• [EXERCISE MATERIALS]
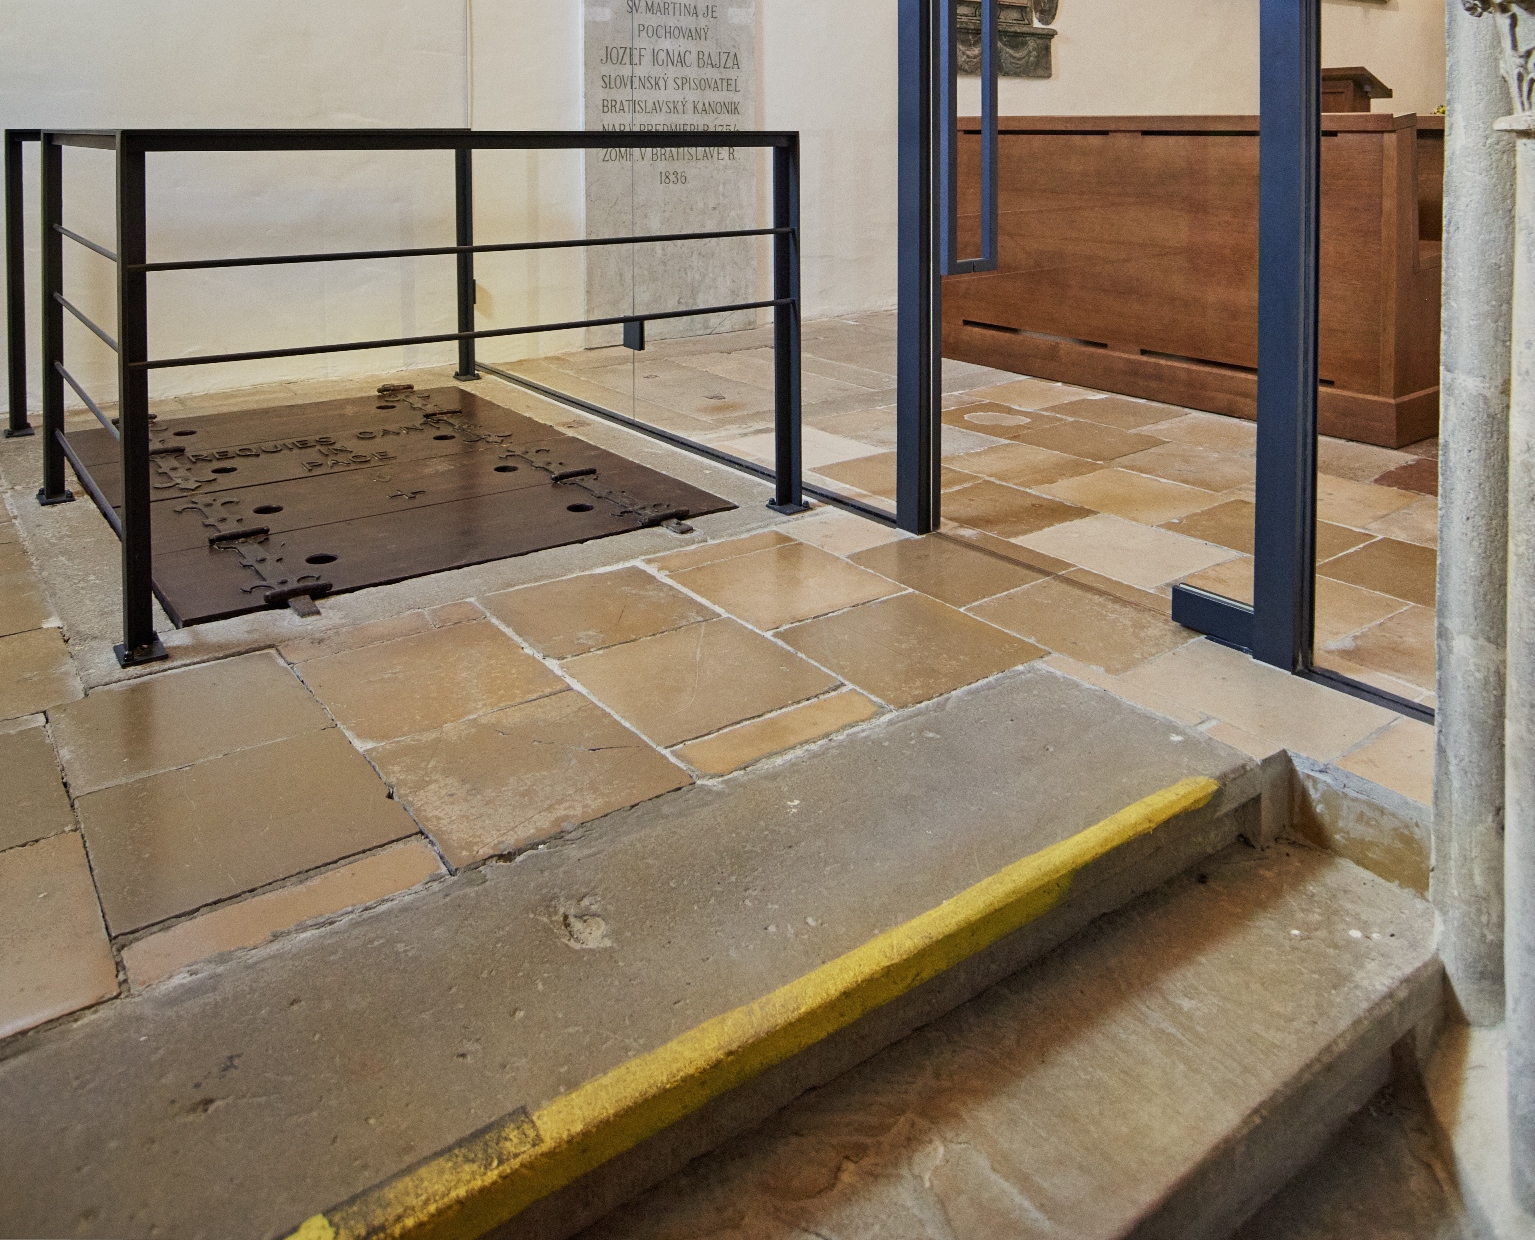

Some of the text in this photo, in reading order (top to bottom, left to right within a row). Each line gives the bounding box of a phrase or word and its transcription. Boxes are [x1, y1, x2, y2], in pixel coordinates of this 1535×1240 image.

[645, 0, 699, 18] MARTINA
[702, 4, 718, 19] JE
[637, 23, 709, 41] POCHOVANÝ
[600, 44, 741, 69] JOZEF IGNÁC BAJZA
[601, 72, 669, 90] SLOVENSKÝ
[601, 97, 740, 115] BRATISLAVSKÝ KANONIK
[651, 147, 725, 161] BRATISLAVE
[186, 436, 337, 464] REQUIES
[317, 445, 353, 457] IN
[300, 450, 398, 472] PACE

• [WORK ITEM]
Reproduce the material word for word, minus the images.

• [RESULT OF THE EXERCISE]
Some of the text in this photo, in reading order (top to bottom, left to right within a row). Each line gives the bounding box of a phrase or word and its transcription. Boxes are [x1, y1, x2, y2], in pixel coordinates of this 1535×1240 image.

[645, 0, 699, 18] MARTINA
[702, 4, 718, 19] JE
[637, 23, 709, 41] POCHOVANÝ
[600, 44, 741, 69] JOZEF IGNÁC BAJZA
[601, 72, 669, 90] SLOVENSKÝ
[601, 97, 740, 115] BRATISLAVSKÝ KANONIK
[651, 147, 725, 161] BRATISLAVE
[186, 436, 337, 464] REQUIES
[317, 445, 353, 457] IN
[300, 450, 398, 472] PACE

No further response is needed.